Leaving the pictures aside, reproduce the data in full and word for word.

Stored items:
▶

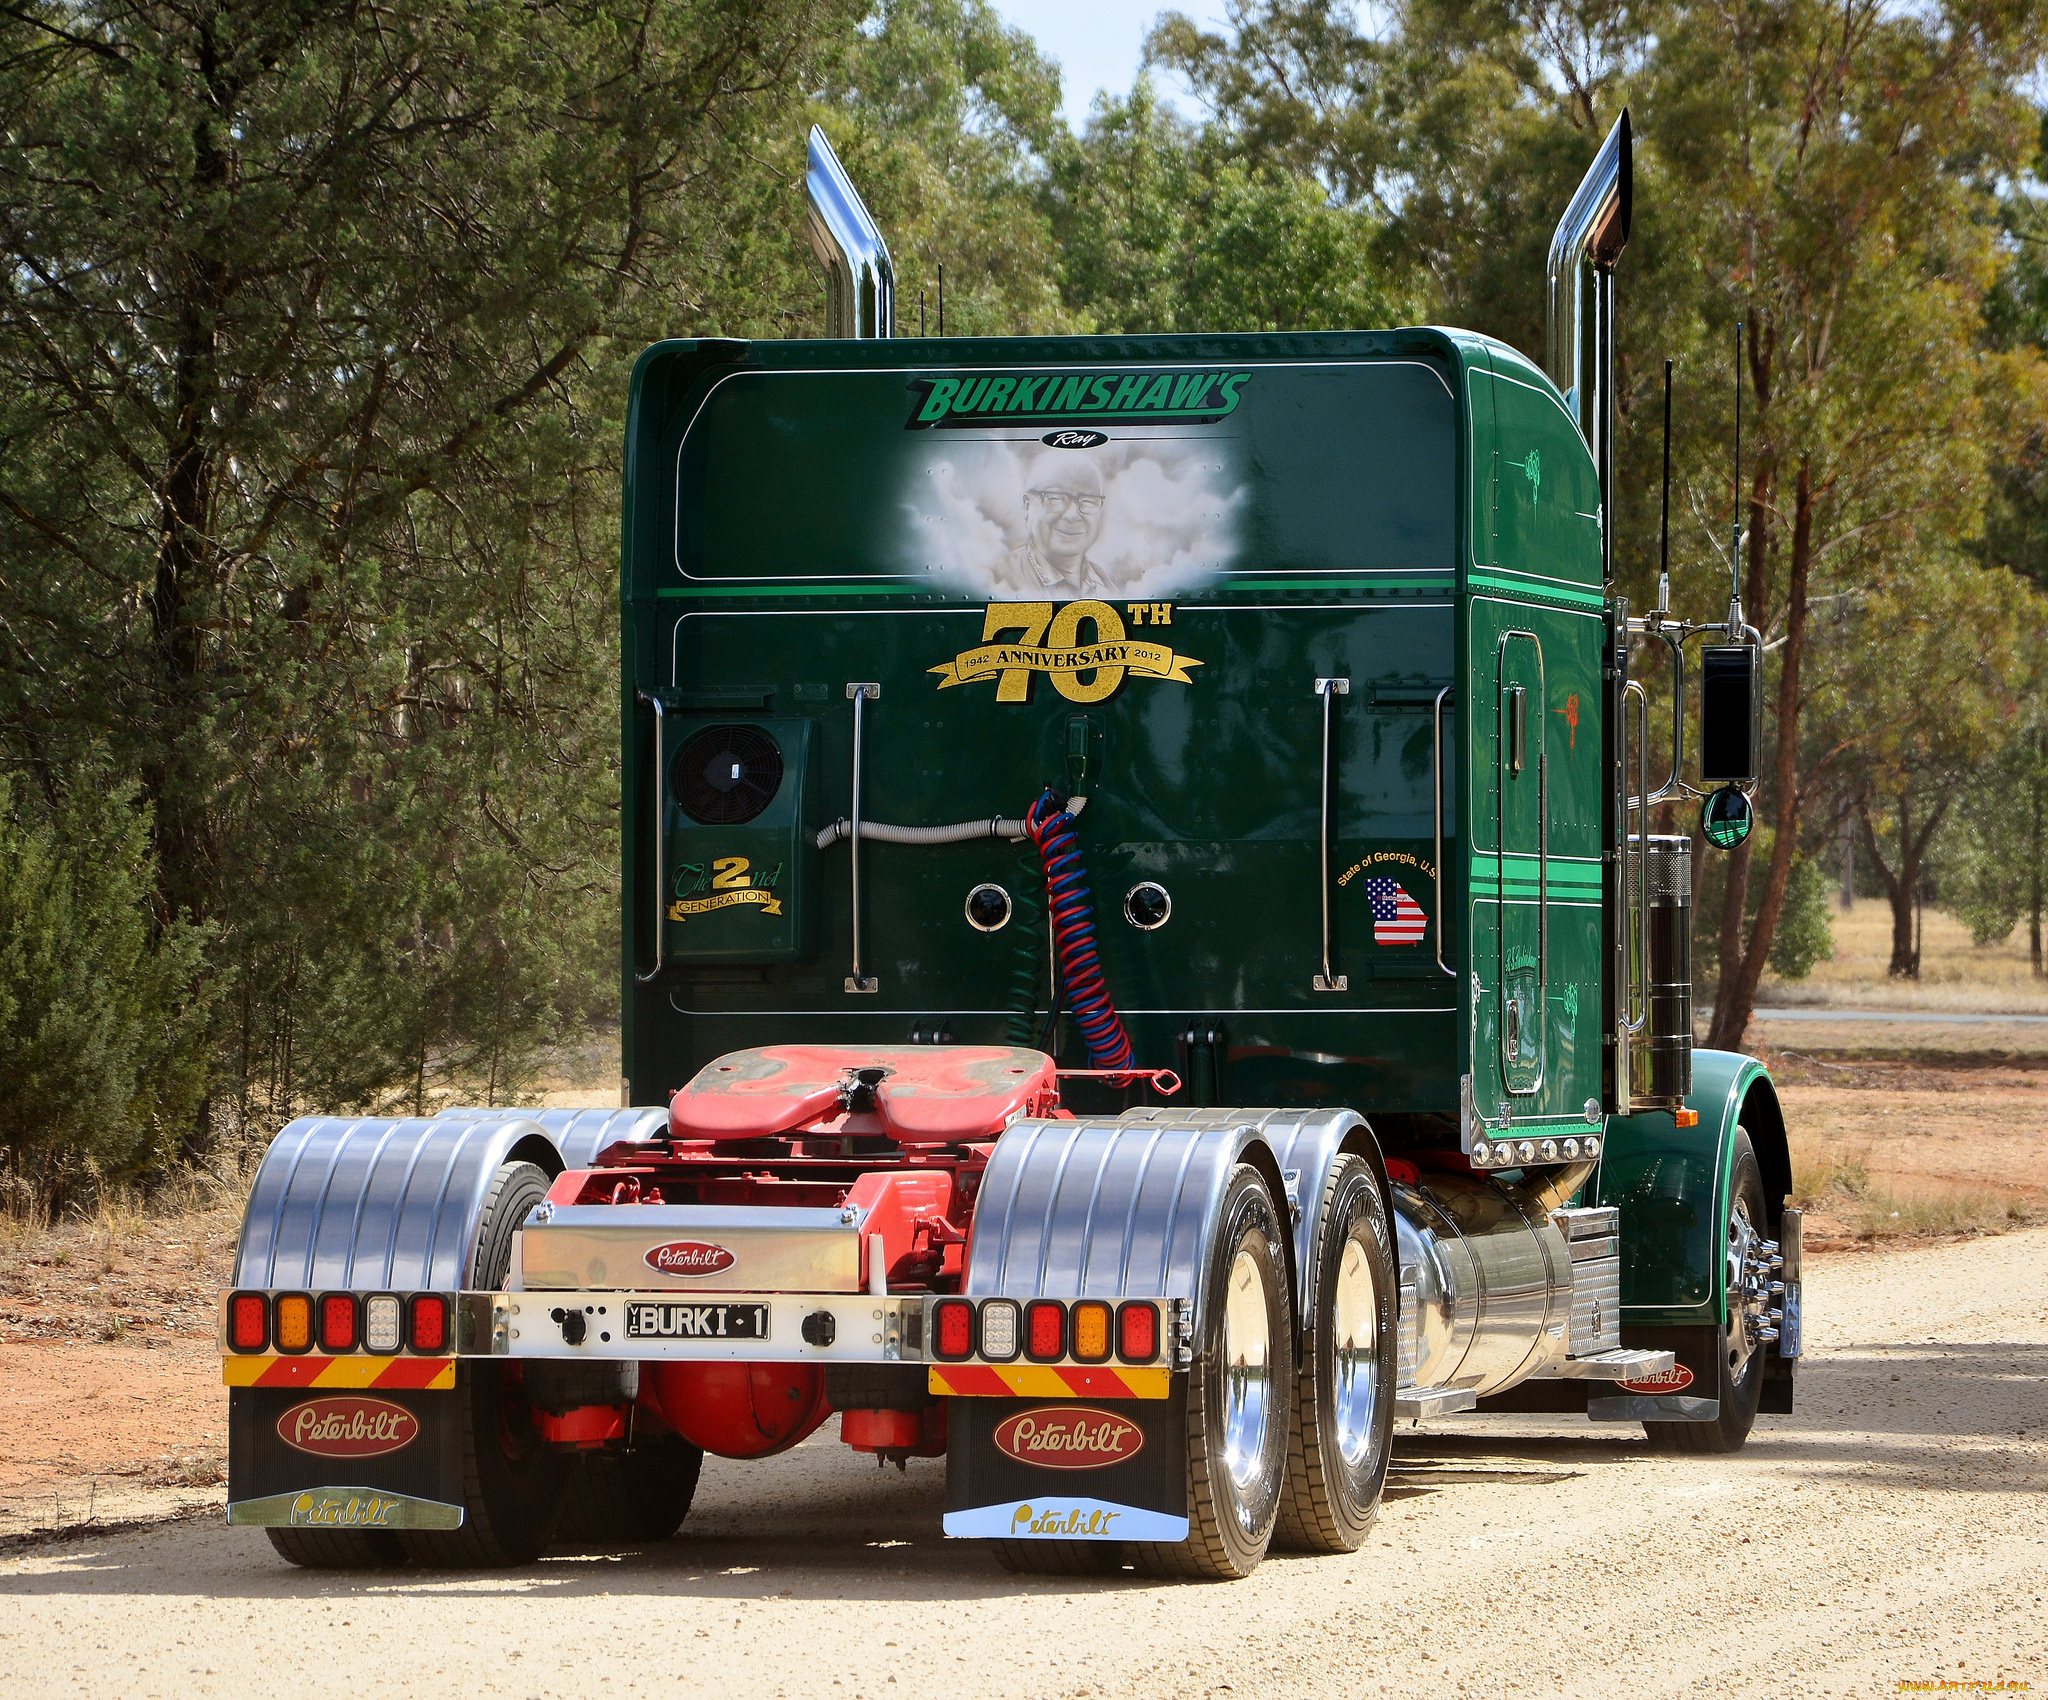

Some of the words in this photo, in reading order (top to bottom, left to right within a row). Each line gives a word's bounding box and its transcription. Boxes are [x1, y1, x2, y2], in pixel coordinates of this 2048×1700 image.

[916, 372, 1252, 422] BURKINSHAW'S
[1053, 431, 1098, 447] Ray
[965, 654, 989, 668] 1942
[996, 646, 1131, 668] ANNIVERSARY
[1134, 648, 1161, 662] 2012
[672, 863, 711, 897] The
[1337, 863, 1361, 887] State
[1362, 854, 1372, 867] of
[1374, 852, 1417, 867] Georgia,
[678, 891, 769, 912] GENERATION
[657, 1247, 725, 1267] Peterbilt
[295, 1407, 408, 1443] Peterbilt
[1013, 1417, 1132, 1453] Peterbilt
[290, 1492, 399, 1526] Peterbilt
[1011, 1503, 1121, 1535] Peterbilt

◀

### Response area:
Some of the words in this photo, in reading order (top to bottom, left to right within a row). Each line gives a word's bounding box and its transcription. Boxes are [x1, y1, x2, y2], in pixel coordinates of this 2048×1700 image.

[916, 372, 1252, 422] BURKINSHAW'S
[1053, 431, 1098, 447] Ray
[965, 654, 989, 668] 1942
[996, 646, 1131, 668] ANNIVERSARY
[1134, 648, 1161, 662] 2012
[672, 863, 711, 897] The
[1337, 863, 1361, 887] State
[1362, 854, 1372, 867] of
[1374, 852, 1417, 867] Georgia,
[678, 891, 769, 912] GENERATION
[657, 1247, 725, 1267] Peterbilt
[295, 1407, 408, 1443] Peterbilt
[1013, 1417, 1132, 1453] Peterbilt
[290, 1492, 399, 1526] Peterbilt
[1011, 1503, 1121, 1535] Peterbilt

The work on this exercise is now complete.